Day 1123: The Reek of Red Herrings

Cover for The Reek of Red HerringsAlthough I’ve come to prefer Catriona McPherson’s contemporary thrillers, for lighter fare, her Dandy Gilver mysteries are lots of fun. Dandy began her career in 1918 with After the Armistice Ball. Twelve years later, she and her partner Alec Osbourne are more sedate, but not much more.

Dandy and Alec’s newest client wants them to skip the family Christmas to investigate a confidential problem. He is a herring exporter, and several barrels of his herring have been returned containing foreign objects, that is, the pieces of someone’s body. Mr. Birchfield does not want to notify the police, because knowledge of this problem will ruin his business. He wants Dandy and Alec to find out who is missing and what happened.

Because the herring fishermen and the “quines,” the girls who gut the fish, only return home a couple of months a year, they must travel to the fishing village of Gamrie, on the Banffshire coast, over Christmas. Dandy is all too happy to escape a dreary house party.

In Gamrie, the two pose as philologists, supposedly recording the local dialect. The village is an uncomfortable one, with freezing weather and a stark hotel as the only accomodation. The villagers themselves are caught up in the preparations for five marriages. All the brides are pregnant, for the custom is to be handfasted and only marry if the handfasting “takes,” that is, the bride gets pregnant.

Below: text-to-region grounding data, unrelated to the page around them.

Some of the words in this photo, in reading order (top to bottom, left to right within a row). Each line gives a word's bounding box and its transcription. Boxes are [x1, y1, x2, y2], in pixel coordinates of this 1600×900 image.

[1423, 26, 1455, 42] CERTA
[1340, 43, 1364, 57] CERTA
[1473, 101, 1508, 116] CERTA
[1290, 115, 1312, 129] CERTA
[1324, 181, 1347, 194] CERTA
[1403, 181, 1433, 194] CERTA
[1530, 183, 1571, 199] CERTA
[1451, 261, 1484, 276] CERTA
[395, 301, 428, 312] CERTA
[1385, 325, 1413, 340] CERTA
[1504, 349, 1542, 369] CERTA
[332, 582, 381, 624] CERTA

There is some concern in the village about the marriages of two of the Mason girls. They are marrying two of the Gow boys, who fished in the same boat with John Gow, their older brother. John Gow went overboard last year, and it is considered unlucky for anyone to marry his shipmates unless they take to different boats. But the Gow brothers are keeping their brother’s boat and marrying the two Mason girls, whose older sister was handfasted to John Gow and who disappeared after his death. This news has Dandy checking with Mr. Birchfield that the corpse is indeed male, but it is.

Dandy and Alec also have the dubious pleasure, suggested by Dandy’s husband Hugh, of going to visit Searle’s Realm of Bounteous Wonder. This display is a series of rooms depicting various scenes made up entirely of stuffed animals, a wonder of taxidermy. The two brothers, Warwick and Durban, are very odd, and the exhibits are appalling.

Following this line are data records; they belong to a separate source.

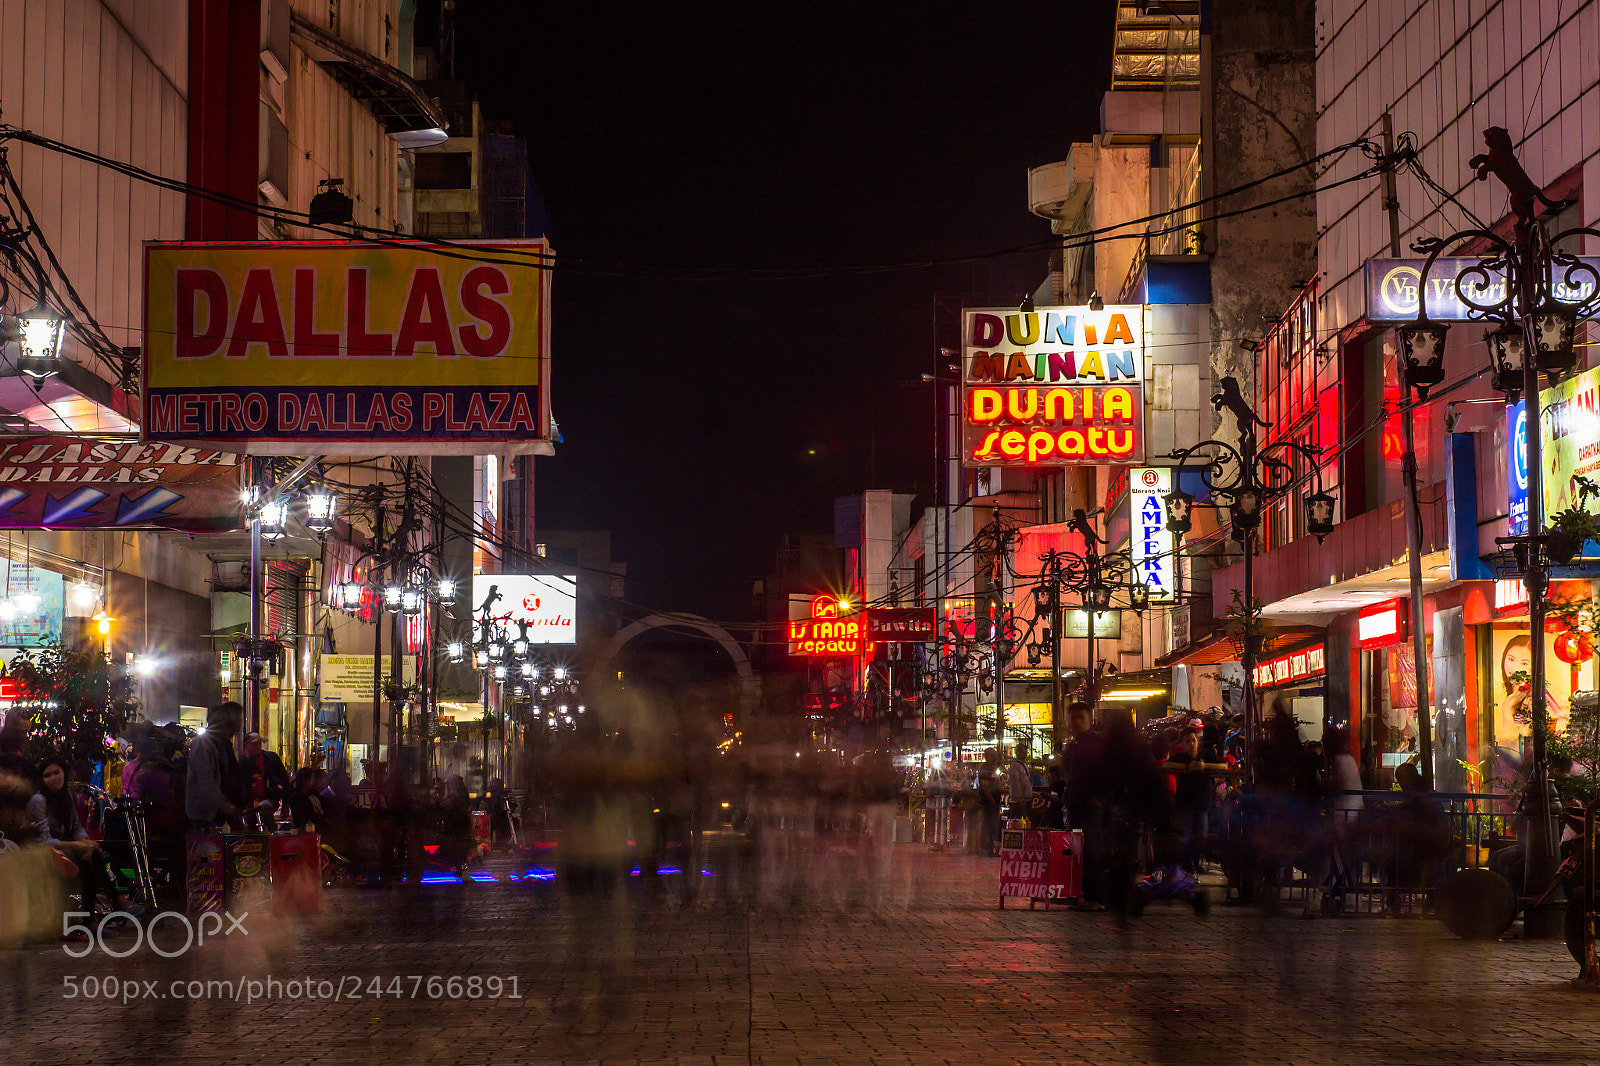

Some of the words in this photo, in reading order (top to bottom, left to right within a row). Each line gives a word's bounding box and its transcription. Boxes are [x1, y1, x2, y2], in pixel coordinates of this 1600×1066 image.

[1431, 277, 1508, 303] Victori
[173, 263, 513, 361] DALLAS
[968, 350, 1135, 382] MAINAN
[150, 392, 269, 433] METRO
[276, 392, 414, 432] DALLAS
[423, 392, 535, 431] PLAZA
[973, 426, 1134, 461] sepatu
[0, 466, 165, 483] DALLAS
[870, 619, 932, 632] Juwita
[1001, 860, 1048, 879] KIBIF
[1000, 882, 1065, 899] ATWURST

Dandy and Alec’s investigations turn up no unaccounted for villagers except Nancy Mason, but they eventually hear about several missing strange men, people who came to town but never were seen again. Some of the men were derelicts and one was an artists’ model. At least two claimed to have work. So, Dandy and Alec go from having no potential victims to several. All the while, a terrific storm is threatening.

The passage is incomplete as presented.